Dez dos doze temas dependem de uma camada que o manifesto não descreve: um placar operacional comum, capaz de medir humanos e IA nas mesmas grandezas de trabalho real.
A frase que acrescentaríamos
Se pudéssemos contribuir com o manifesto, acrescentaríamos um décimo-terceiro tema, não como ataque, mas como complemento natural:
“Se você não consegue medir humanos e IA no mesmo eixo, você não consegue governar nenhum dos dois.”
Essa frase fecha o triângulo que a McKinsey vem desenhando desde novembro. Mediu (capítulo 1), desenhou (capítulo 2), fabricou (capítulo 3), arquitetou (capítulo 4), declarou (capítulo 6). O que falta é o instrumento que transforma cada um desses verbos em capacidade verificável. Confiança vira placar. Engenharia agêntica vira envelope operacional. Shifts de talento viram trajetória mensurável. Taxa metabólica vira tempo de ciclo real.
O que isso diz sobre a trajetória
Cada capítulo da série se aproximou um pouco mais da mesma conclusão. A McKinsey está se movendo em direção à governança como infraestrutura sem nomeá-la por completo. “Governável” apareceu uma vez. Depois, “framework”. Depois, “confiança”. Agora, “automatizar guardrails e controles”. A trajetória é linear.

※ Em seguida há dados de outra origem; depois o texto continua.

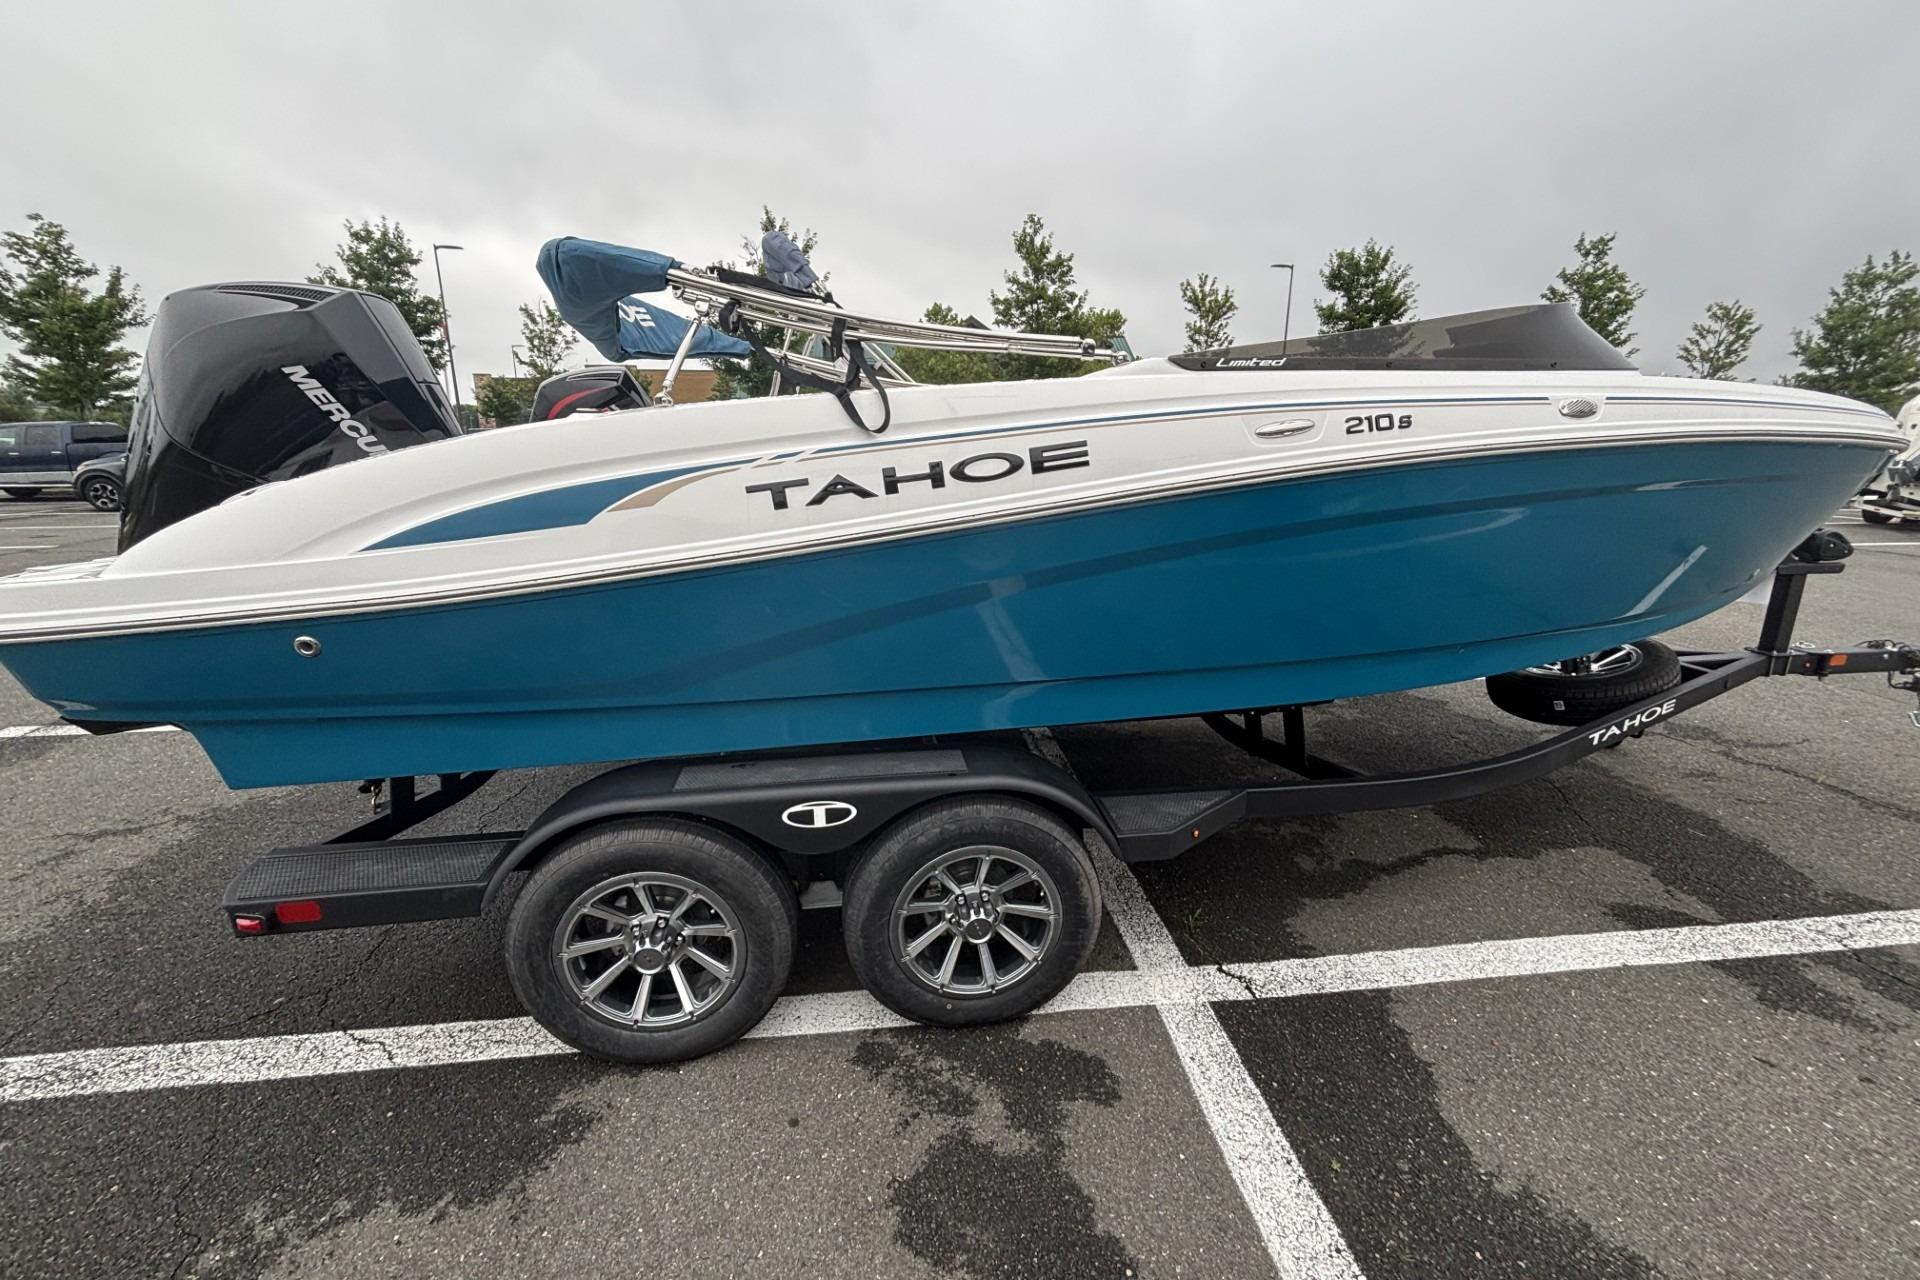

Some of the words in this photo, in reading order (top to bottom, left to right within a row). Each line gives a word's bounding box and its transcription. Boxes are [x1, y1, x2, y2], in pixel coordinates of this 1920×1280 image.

[1216, 357, 1287, 368] Limited
[281, 365, 391, 457] MERCU
[745, 440, 1090, 510] TAHOE
[1589, 699, 1677, 746] TAHOE
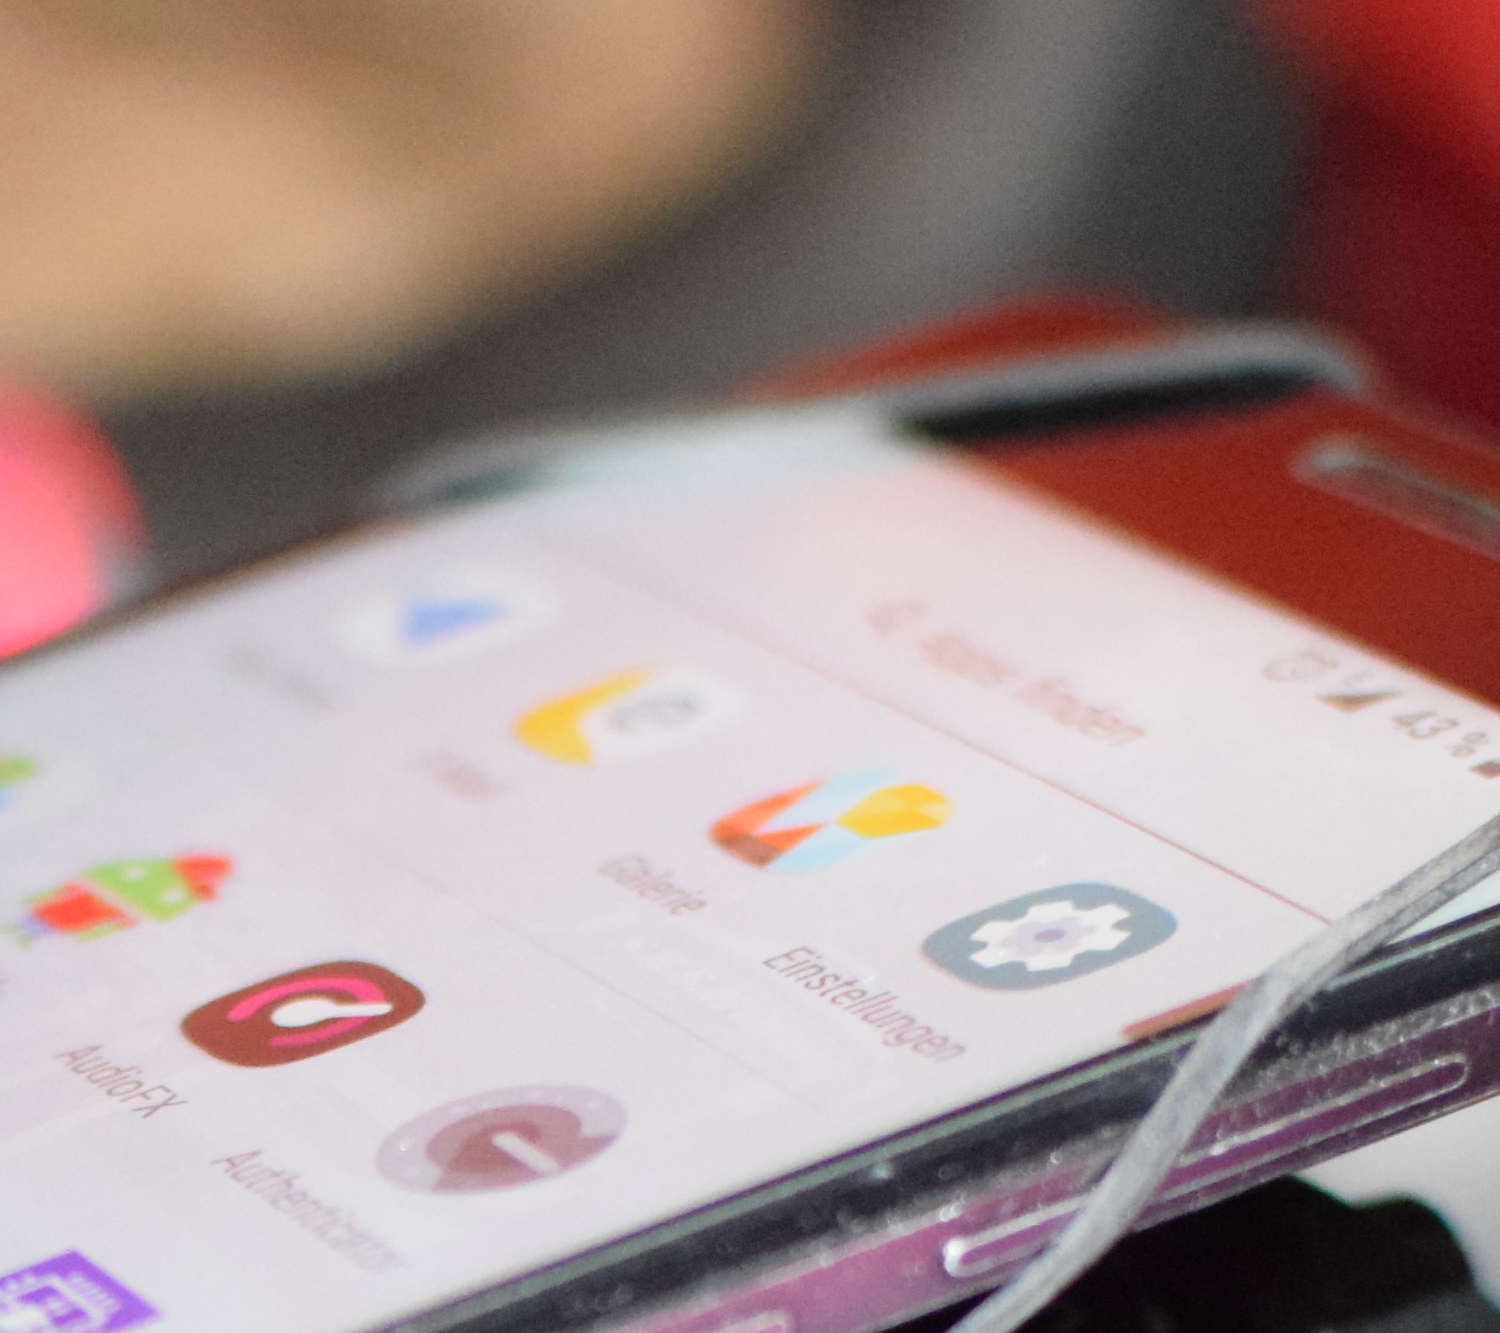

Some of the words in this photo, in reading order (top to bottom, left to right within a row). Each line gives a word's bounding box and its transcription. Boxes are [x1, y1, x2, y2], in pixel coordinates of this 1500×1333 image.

[1389, 709, 1458, 741] 43
[599, 854, 708, 917] Galerie
[762, 947, 968, 1063] Einstellungen
[55, 1042, 188, 1121] AudioFX

A velocidade é consistente. O vocabulário está crescendo na direção certa.
O sexto capítulo é o mais perto que eles chegaram. E talvez seja também o momento em que faz mais sentido dizer publicamente o que o próprio manifesto já insinua: os doze temas estão quase todos certos. O que falta é uma única peça de infraestrutura, a que mede humanos e IA no mesmo conjunto de métricas operacionais. Sem ela, o manifesto é um mapa detalhado de um território que ninguém consegue auditar.

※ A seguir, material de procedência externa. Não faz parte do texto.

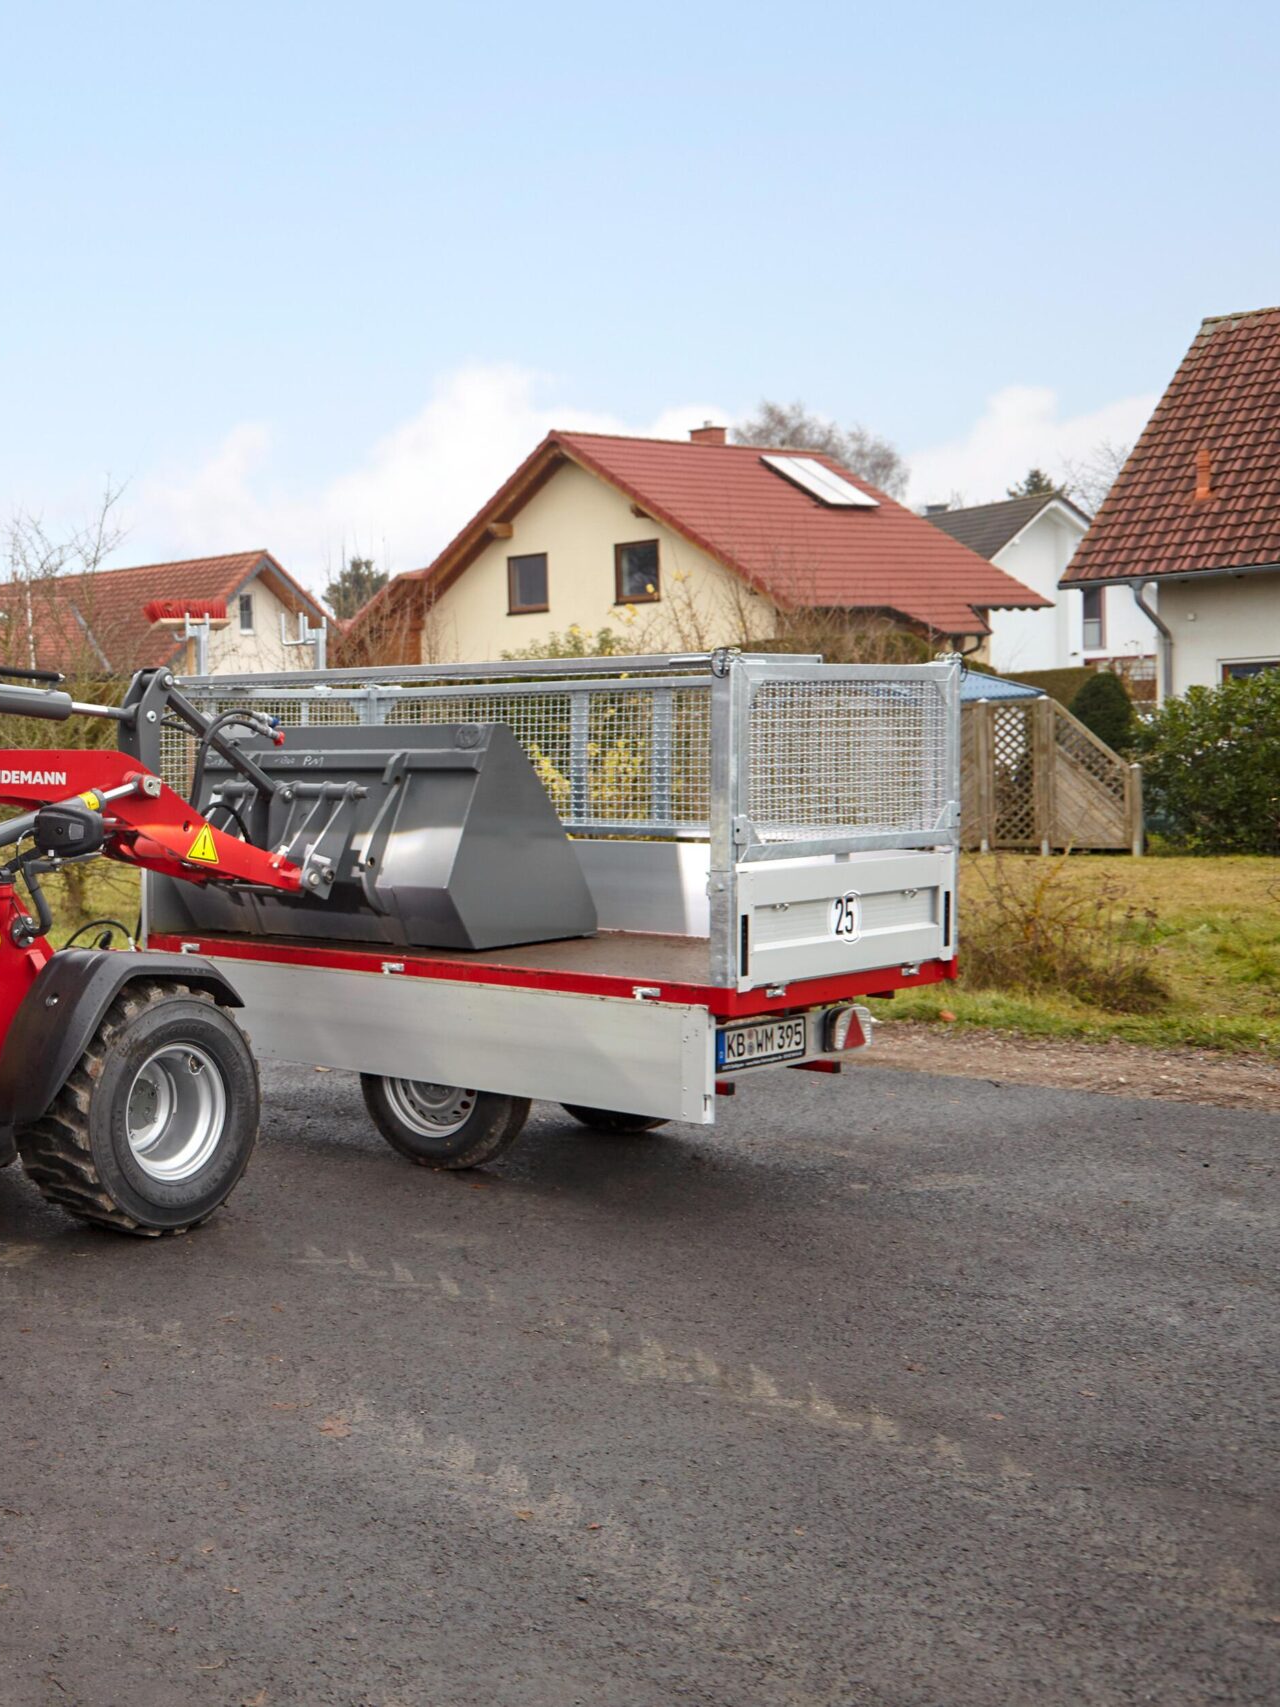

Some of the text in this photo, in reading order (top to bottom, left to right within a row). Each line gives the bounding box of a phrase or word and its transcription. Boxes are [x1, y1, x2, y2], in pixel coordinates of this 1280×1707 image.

[835, 897, 854, 935] 25
[727, 1022, 802, 1058] KB WM 395

Nosso trabalho é preencher essa lacuna enquanto ela não é nomeada. Construímos a camada de medição que transforma os 12 temas em capacidades verificáveis. Quando o sétimo capítulo da McKinsey chegar, nossa aposta é que ele virá com a palavra que todos os seis anteriores deixaram de fora: placar.
Vale esperar para ver. Mas não vale esperar para começar.
Fontes
- McKinsey Quarterly. “The AI Transformation Manifesto.” Abril 2026.
- Singla, Sukharevsky, Lamarre, Smaje, Levin. Rewired: How Leading Companies Win with Technology and AI, 2ª edição. Wiley, 2026.
- Capítulos anteriores da série: McKinsey mediu a coisa errada, Três diagnósticos da McKinsey, A prescrição da fábrica de agentes, Os dois caminhos da McKinsey.